En 1914, alors que les dirigeants de la plupart des partis socialistes trahissaient l'internationalisme et appuyaient l'effort de guerre de leur propre bourgeoisie, Clara Zetkin lançait, au nom des femmes socialistes, un appel aux femmes de la classe ouvrière, leur enjoignant de rester fidèles à l'internationalisme et d'être les dépositaires de l'idéal socialiste. Et en effet, ce furent les femmes de la classe ouvrière qui relevèrent les premières le drapeau, en manifestant dès 1915 à Berlin et en se mettant en grève en Russie en février 1917.

LA REVOLUTION RUSSE

Le « féminisme ouvrier » s'était répandu parmi les ouvrières russes qui, dès 1913, organisaient clandestinement des réunions pour célébrer la journée de la femme et discuter de la révolution, du socialisme et de l'émancipation des femmes. En 1917, à l'occasion de cette journée - en février suivant le calendrier russe - les ouvrières de Petrograd se mirent en grève et manifestèrent pour le pain, la paix et le retour des hommes du front. Elles entraînèrent à leur suite l'ensemble des travailleurs dans un mouvement qui déboucha, à travers deux révolutions, sur la victoire d'Octobre.

Le régime issu de la révolution russe fut le premier non seulement à instituer l'égalité complète entre les hommes et les femmes sur tous les plans, mais à mettre en avant une politique active et concrète pour que la loi s'applique dans la réalité. L'État ouvrier ouvrit des crèches, des restaurants communautaires, fit construire des immeubles équipés de cuisines et de buanderies collectives, favorisa l'éducation des femmes, de l'école élémentaire à l'université. Dès les années 1920, des femmes russes étaient médecins, ingénieurs, commissaires politiques aux armées et, évidemment, ministres. Et c'est par décision du Conseil des commissaires du peuple, présidé par Lénine, que la journée internationale des femmes fut placée précisément le 8 mars, pour commémorer l'action des ouvrières de Petrograd.

Cette date, devenue une institution dans ce qui était le Bloc de l'Est, fut reprise en 1977 par l'ONU, puis par la plupart des pays.
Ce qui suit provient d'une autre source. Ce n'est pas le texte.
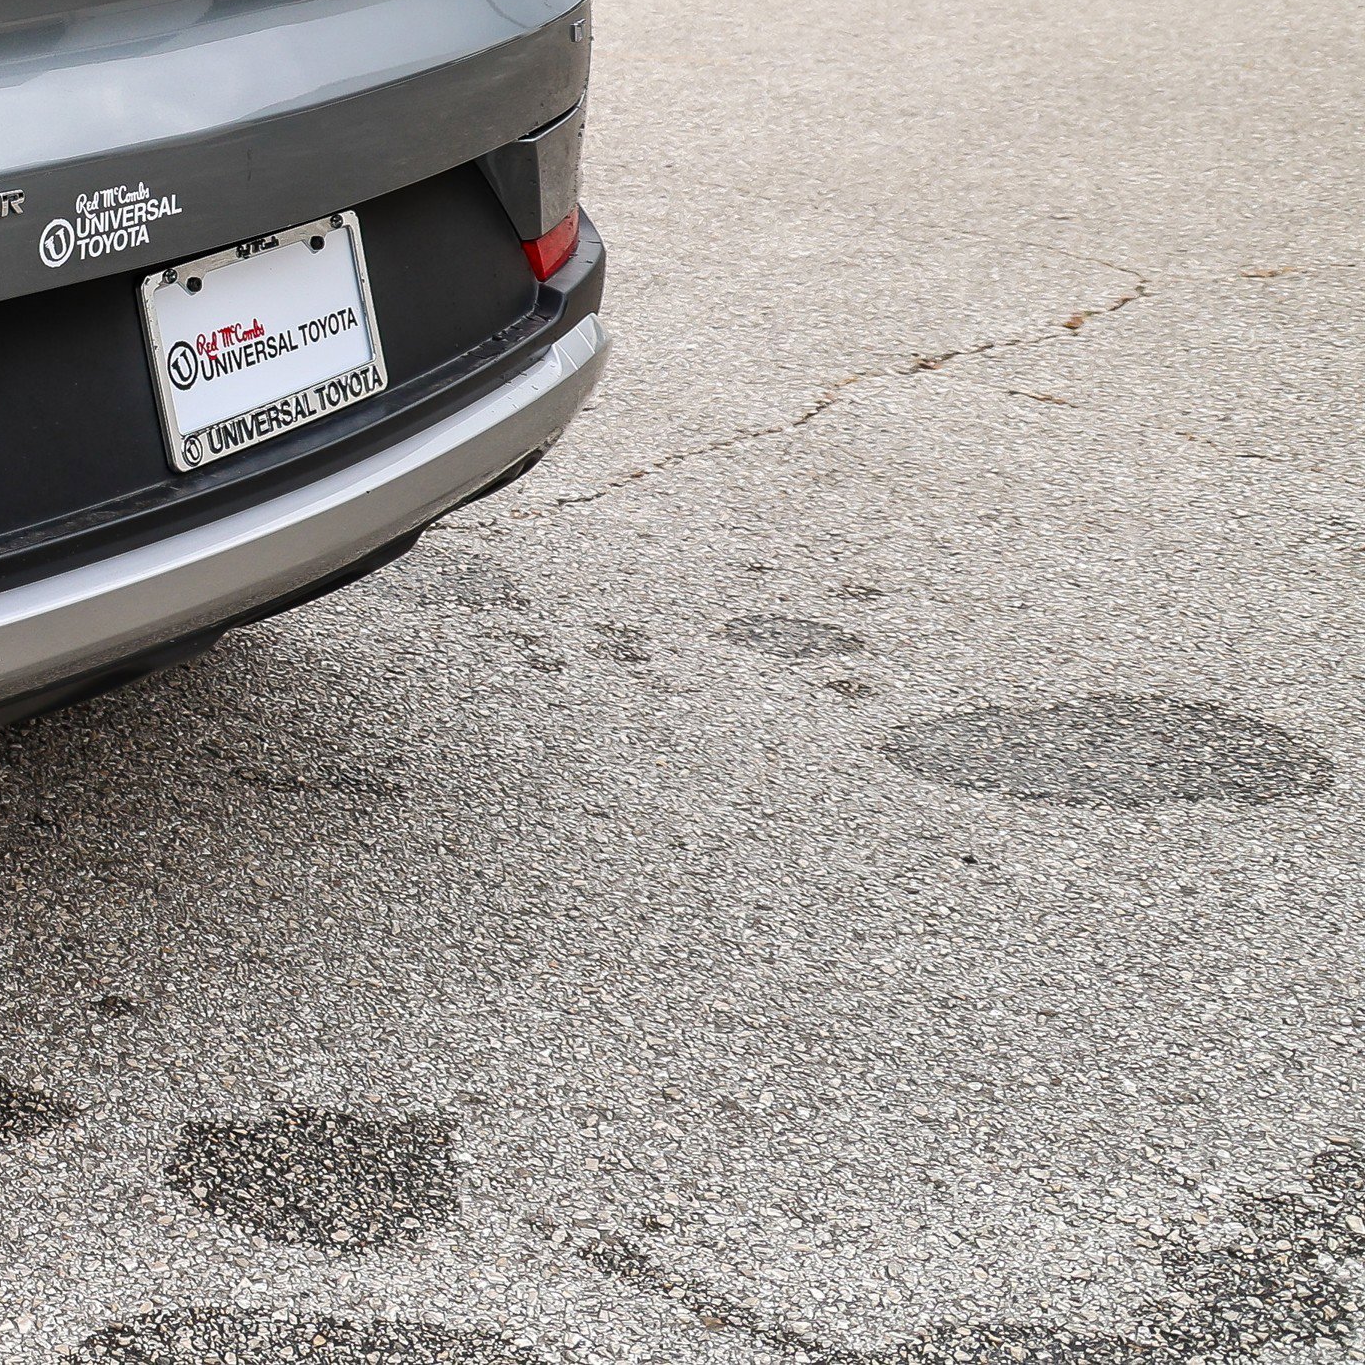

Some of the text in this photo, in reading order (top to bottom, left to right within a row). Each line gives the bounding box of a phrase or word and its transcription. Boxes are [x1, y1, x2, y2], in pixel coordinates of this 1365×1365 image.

[76, 182, 150, 219] Red McCombs
[76, 194, 183, 238] UNIVERSAL
[76, 224, 150, 260] TOYOTA
[196, 318, 265, 360] Red McCombs
[200, 307, 359, 381] UNIVERSAL TOYOTA
[206, 365, 384, 454] UNIVERSAL TOYOTA
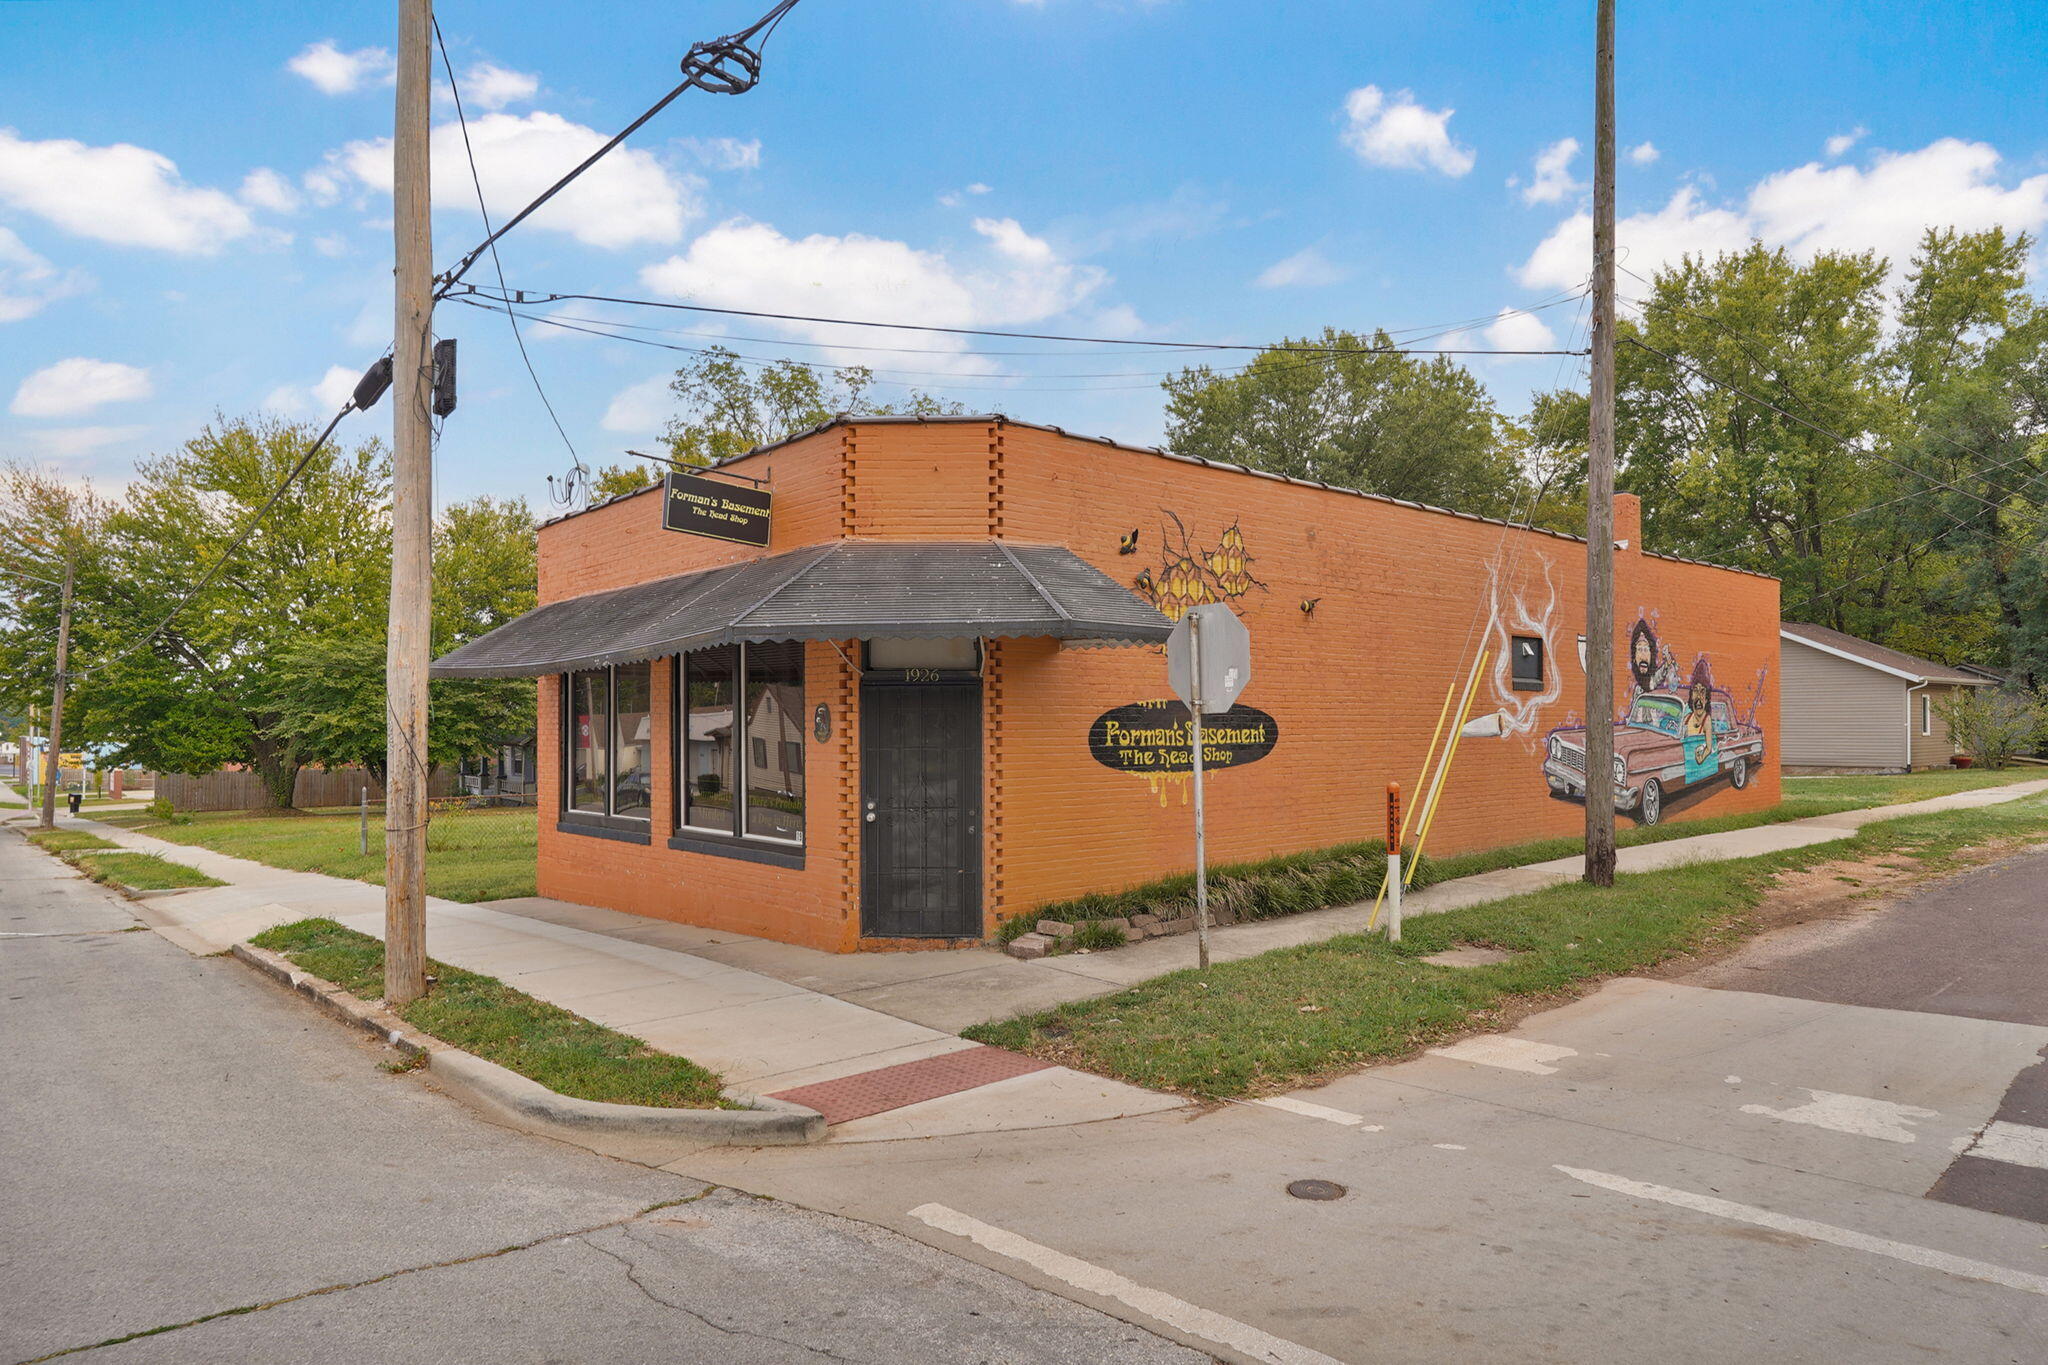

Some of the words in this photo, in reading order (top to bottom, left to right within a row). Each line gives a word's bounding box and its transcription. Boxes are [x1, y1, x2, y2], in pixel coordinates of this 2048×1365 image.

[670, 488, 718, 507] Forman's
[721, 498, 770, 517] Basement
[692, 506, 707, 516] The
[709, 509, 729, 520] Head
[730, 513, 748, 525] Shop
[904, 668, 939, 682] 1926
[1105, 717, 1185, 747] Forman's
[1119, 749, 1155, 765] The
[1203, 747, 1233, 764] Shop
UN COMBAT TOUJOURS INDISPENSABLE

Entre-temps, dans l'URSS de Staline, la condition des femmes reculait et le mouvement ouvrier tendait à gommer l'émancipation des femmes de son programme réel. En France par exemple, ce ne fut pas le gouvernement de Front Populaire élu en 1936 qui accorda le droit de vote aux femmes, mais celui de De Gaulle en 1945. De même, le droit à la contraception puis à l'avortement furent conquis, en 1967 et 1975 sous des gouvernements de droite, sous la pression des féministes.

À l'évidence, aujourd'hui encore, l'émancipation des femmes est loin d'être un acquis. Les préjugés machistes, la discrimination au travail et l'esclavage ménager restent la règle, y compris dans les pays développés. En France, l'an passé, 160 femmes ont péri sous les coups de leur compagnon. Le développement des préjugés réactionnaires constitue de surcroît une menace pour les droits des femmes de ces pays dits « avancés ». Quant aux femmes des pays pauvres, elles restent opprimées, humiliées, exploitées, souvent usées par les grossesses à répétition et réduites à l'esclavage domestique. Privilège des femmes, elles peuvent être, suivant les barbaries locales, coutumières ou politiques, battues, voilées, excisées, infibulées, brûlées vives, répudiées, enfermées, violées, mariées de force. Mais elles ne se soumettent pas, comme le montrent celles qui, aux quatre coins du monde, se battent courageusement contre ces exactions.

Même officialisée par les pouvoirs publics, la journée du 8 mars reste une occasion de montrer sa solidarité avec toutes ces combattantes, connues ou obscures.